What should an ABA billing company verify in software?
How does the system track authorization units in real time, and when does it alert staff as consumption approaches the limit? A system that updates unit counts only after ERA posting, rather than after submission, leaves blind spots that fill with denied claims. Can authorization records store per-code unit limits in addition to an overall cap, since some payers authorize a large block of 97153 and a small block of 97155 under one number? How does ERA review handle multi-code ABA claims, and can staff see exactly which code was denied and why? Can the denial queue be filtered and sorted by denial code and payer across multiple practices at once? How does the system handle concurrent 97153 and 97155 claims: flag for review, scrub automatically, or pass through? And what is the clearinghouse path for Medicaid submissions, with documentation of successful submissions to the specific state MCOs in the company's territory?
Frequently asked questions
Can an RBT be listed as the rendering provider on a claim?

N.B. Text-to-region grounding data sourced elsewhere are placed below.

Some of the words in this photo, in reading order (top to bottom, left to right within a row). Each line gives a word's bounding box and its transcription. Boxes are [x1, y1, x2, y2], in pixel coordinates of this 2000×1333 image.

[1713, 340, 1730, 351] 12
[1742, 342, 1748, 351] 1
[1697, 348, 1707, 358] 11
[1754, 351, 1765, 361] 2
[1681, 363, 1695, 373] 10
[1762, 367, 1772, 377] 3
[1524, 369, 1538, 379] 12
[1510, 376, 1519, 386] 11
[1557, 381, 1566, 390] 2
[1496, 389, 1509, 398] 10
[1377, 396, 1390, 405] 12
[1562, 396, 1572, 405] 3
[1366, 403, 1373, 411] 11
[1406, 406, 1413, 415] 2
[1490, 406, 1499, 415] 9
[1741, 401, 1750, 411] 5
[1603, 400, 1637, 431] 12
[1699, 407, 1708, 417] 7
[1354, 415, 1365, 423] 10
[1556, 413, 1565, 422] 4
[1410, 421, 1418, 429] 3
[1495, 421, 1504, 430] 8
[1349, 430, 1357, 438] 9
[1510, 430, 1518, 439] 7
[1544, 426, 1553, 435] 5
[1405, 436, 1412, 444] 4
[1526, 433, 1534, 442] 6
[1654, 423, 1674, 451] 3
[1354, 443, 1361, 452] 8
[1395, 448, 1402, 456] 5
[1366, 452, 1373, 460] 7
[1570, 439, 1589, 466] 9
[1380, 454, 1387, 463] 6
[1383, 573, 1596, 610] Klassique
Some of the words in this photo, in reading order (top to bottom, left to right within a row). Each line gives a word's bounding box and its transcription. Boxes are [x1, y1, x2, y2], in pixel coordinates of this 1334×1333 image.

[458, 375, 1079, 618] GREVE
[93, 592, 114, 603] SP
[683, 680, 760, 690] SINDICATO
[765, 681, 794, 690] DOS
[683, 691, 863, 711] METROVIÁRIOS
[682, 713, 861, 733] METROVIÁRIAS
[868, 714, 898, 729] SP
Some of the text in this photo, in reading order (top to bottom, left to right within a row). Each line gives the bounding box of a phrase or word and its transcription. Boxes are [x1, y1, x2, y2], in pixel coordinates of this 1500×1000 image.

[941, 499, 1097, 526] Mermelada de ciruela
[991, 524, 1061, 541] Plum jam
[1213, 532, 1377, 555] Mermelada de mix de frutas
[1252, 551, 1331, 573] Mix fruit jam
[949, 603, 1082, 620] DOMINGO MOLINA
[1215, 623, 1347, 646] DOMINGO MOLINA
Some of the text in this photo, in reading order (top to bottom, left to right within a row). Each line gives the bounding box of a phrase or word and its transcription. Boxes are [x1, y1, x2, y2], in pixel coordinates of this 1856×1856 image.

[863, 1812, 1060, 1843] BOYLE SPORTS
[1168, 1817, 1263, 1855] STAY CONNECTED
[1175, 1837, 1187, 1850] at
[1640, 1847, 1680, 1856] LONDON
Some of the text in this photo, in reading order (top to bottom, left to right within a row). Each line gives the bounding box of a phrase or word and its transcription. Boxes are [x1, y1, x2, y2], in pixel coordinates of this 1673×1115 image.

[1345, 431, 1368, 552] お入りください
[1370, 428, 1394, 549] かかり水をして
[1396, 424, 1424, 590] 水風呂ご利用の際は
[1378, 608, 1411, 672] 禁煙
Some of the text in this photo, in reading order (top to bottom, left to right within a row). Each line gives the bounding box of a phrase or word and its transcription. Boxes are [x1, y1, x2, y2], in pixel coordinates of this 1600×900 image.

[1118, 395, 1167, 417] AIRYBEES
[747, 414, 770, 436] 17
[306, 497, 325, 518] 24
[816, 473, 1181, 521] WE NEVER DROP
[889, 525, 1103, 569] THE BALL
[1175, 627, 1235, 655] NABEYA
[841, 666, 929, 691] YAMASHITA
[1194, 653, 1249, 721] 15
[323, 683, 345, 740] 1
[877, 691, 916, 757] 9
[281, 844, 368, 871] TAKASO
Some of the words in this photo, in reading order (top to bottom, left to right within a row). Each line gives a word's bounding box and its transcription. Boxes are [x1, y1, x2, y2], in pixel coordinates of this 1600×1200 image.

Yes, for technician-delivered codes: 97152, 97153, and 97154. The RBT must be credentialed or enrolled with the specific payer, and the RBT's own NPI must appear in the rendering provider field. RBTs cannot be the rendering provider on QHP-only codes: 97151, 97155, 97156, 97157, or 97158.
What happens when ABA authorization units run out mid-month?
Claims for sessions delivered after units are exhausted deny as services exceeding the authorized quantity, and the denial is usually not reversible without a new or amended authorization approved prospectively. Some payers grant a retroactive extension under documented emergency circumstances, but that is payer-specific and not assured. The practical answer is real-time unit tracking and clinical-team communication before the authorization runs out.
Do all 50 states require commercial insurers to cover ABA?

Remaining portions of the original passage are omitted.